Recent research has focused on the link between loss of GCs and thinning of the nerve fibers or axons of the GC cell layer and Alzheimer’s disease (AD) in particular. AD was ranked as the seventh leading cause of death in the U.S. in 2022 (dropping down a rank on the list because of COVID-19), and in a Forbes survey of the most feared ageing-related health issues, almost half of the adults surveyed (44%) were concerned about cognitive decline and dementia. Typically, a diagnosis of AD is made post-mortem when the brain can be closely examined. This has meant that many cases of dementia have gone undiagnosed (Amy and Lee, 2023), making the search for a reliable biomarker that much more important. Early diagnosis of AD, perhaps even before any cognitive problems can be seen, could help physicians develop new and better treatments for this devastating disorder.

Left: Surface scan of the retina showing the orientation of the deeper scan through the layers of the retina (green line). The image on the right shows that deeper scan of the layers of the retina in a healthy eye.

Emmerson Badaró, Eduardo Novais, Larissa Maria Prodocimo, Juliana M. Ferraz Sallum, CC BY 4.0 via Wikimedia Commons

There are a number of studies that have demonstrated a correlation between the thickness of retinal layers, in particular the GC layer and the axons that make up the optic nerve (the retinal nerve fiber layer or RNFL). New imaging techniques have allowed researchers to document thinning of the RNFL in AD patients compared to age-matched controls without the disease (see Amy and Lee, 2023 for a review). Participants had optical coherence tomography (OCT) scans made of their retinas which allowed researchers to see and measure the layers of cells in the retina. They also had their cognitive function assessed with a traditional test like the mini mental status exam (MMSE), a standardized test of mental function in the elderly. The results showed that those participants with the lowest MMSE scores also tended to have thinner RNFL layers in their retinas.

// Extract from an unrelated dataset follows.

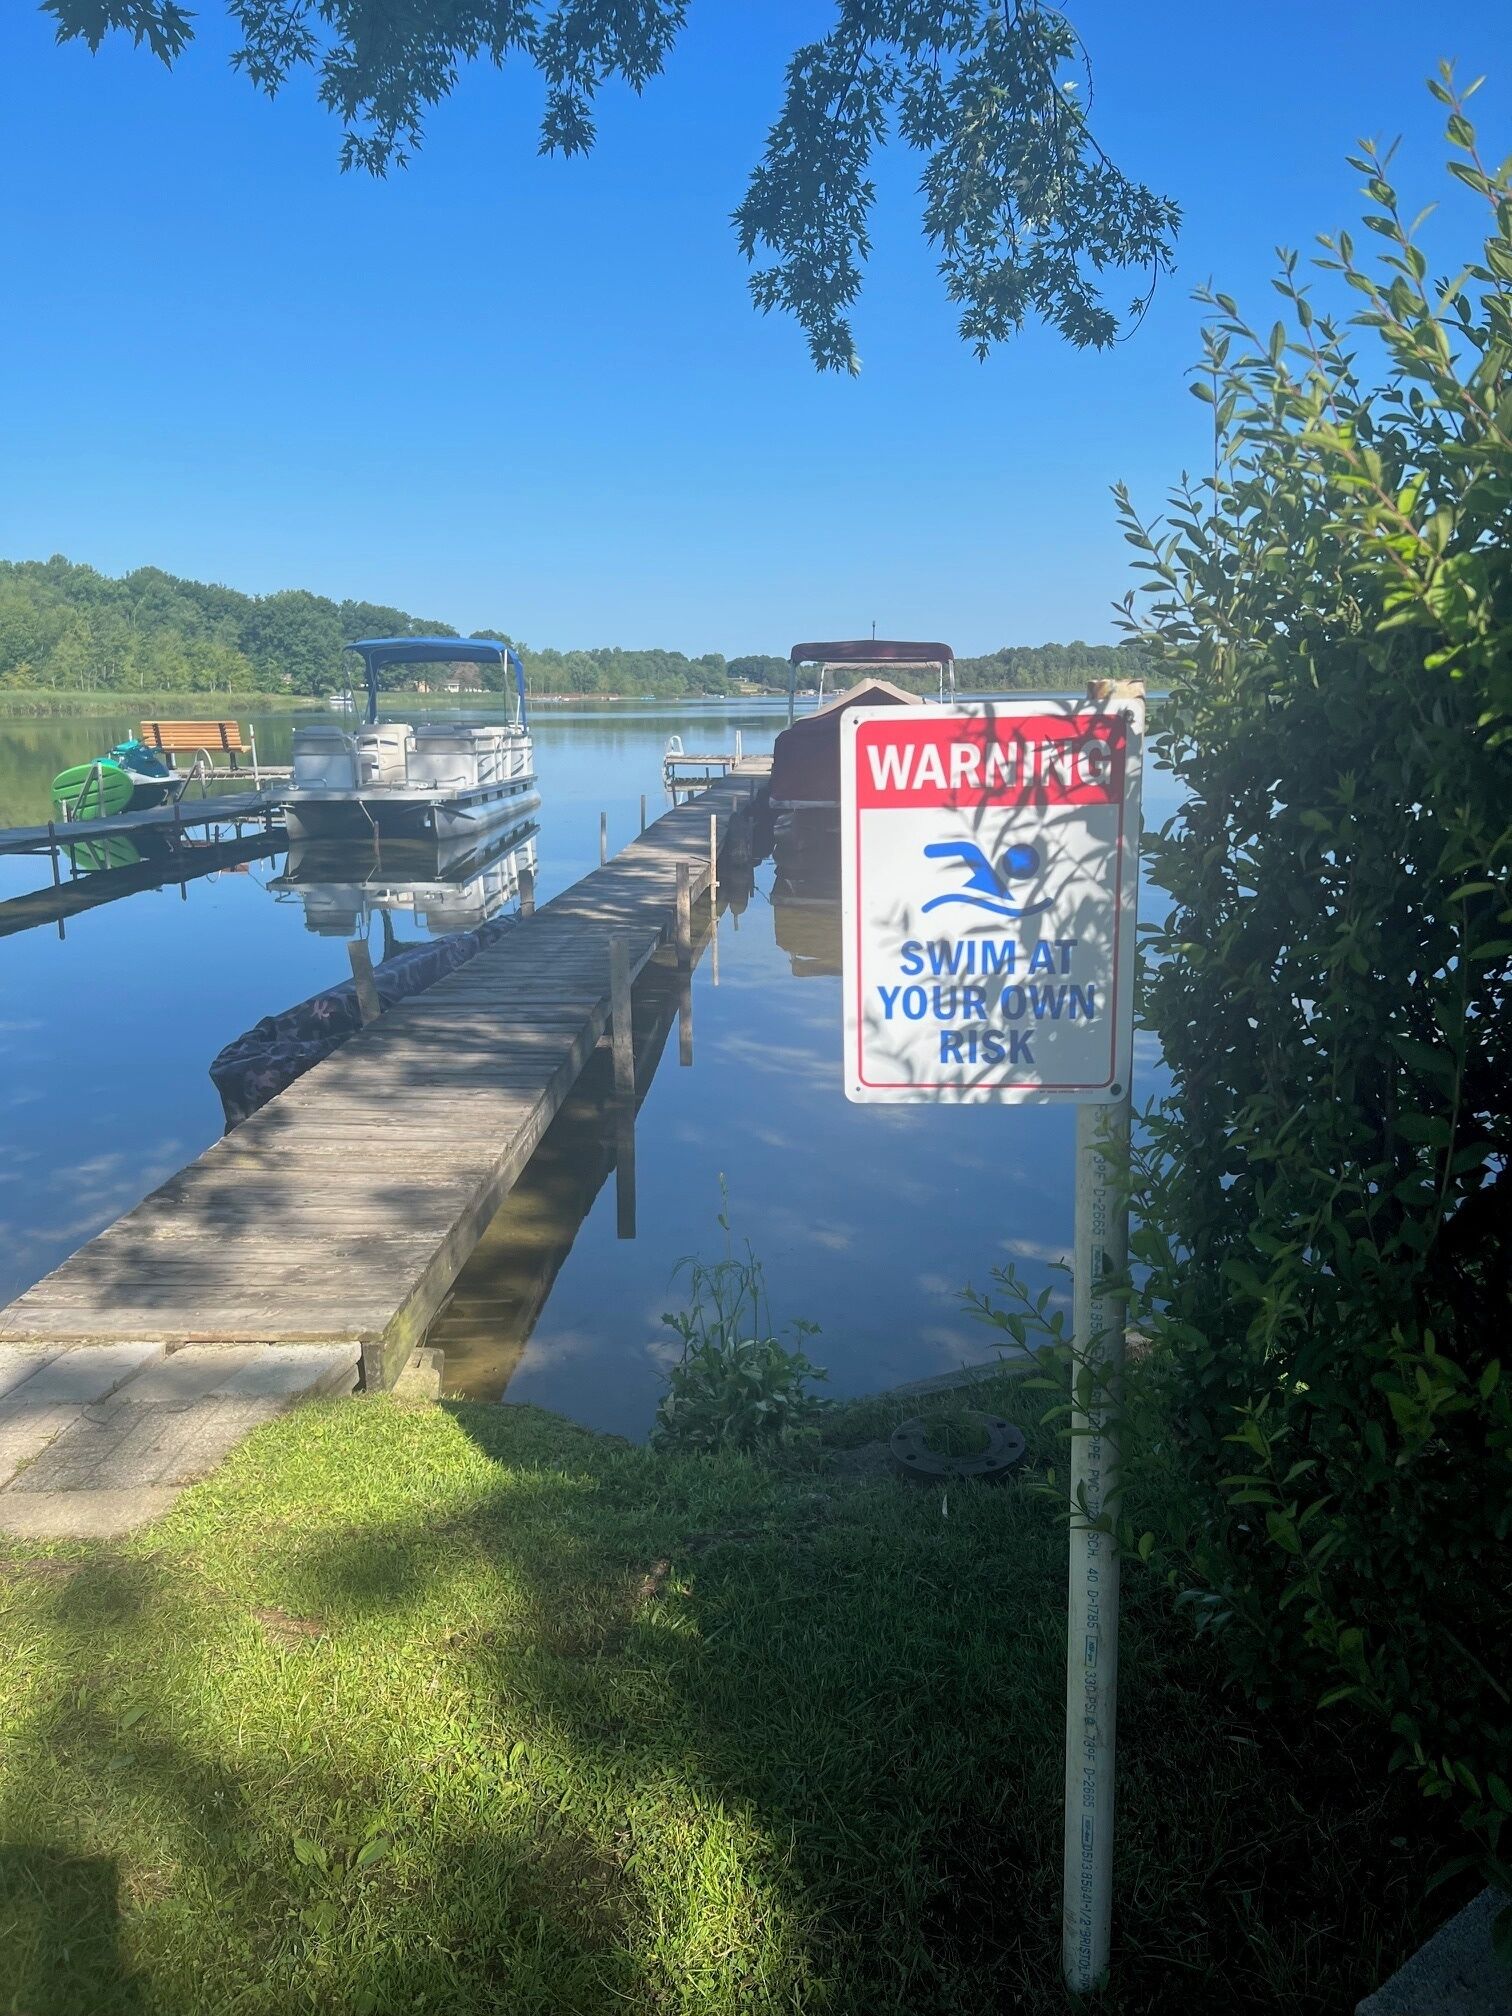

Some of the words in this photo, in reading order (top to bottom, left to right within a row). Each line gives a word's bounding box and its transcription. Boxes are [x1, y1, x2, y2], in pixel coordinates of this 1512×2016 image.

In 2022, Barrett-Young, Ambler, et al., examined the relationship between cognitive function and RNFL thickness longitudinally. They tracked and measured full-scale IQ scores in 865 participants in the Dunedin Multidisciplinary Health and Development study in New Zealand from childhood (ages 7, 9 and 11 years) to middle age (age 45). Retinal thickness measures via OCT scans for these same participants were obtained at age 45. They found that thinner RNFL and GC layers were linked to lower full-scale IQ scores in childhood and middle age. A thinner RNFL was also correlated with a larger decline in cognitive processing speed between childhood and adulthood. The steeper the decline in the speed of processing things, the thinner the RNFL layer in the retina.

These authors concluded that, although more careful research needs to be done, the structure of the retina may provide a very early marker of cognitive function, signaling to physicians that their patient might be at greater risk of developing AD later in life.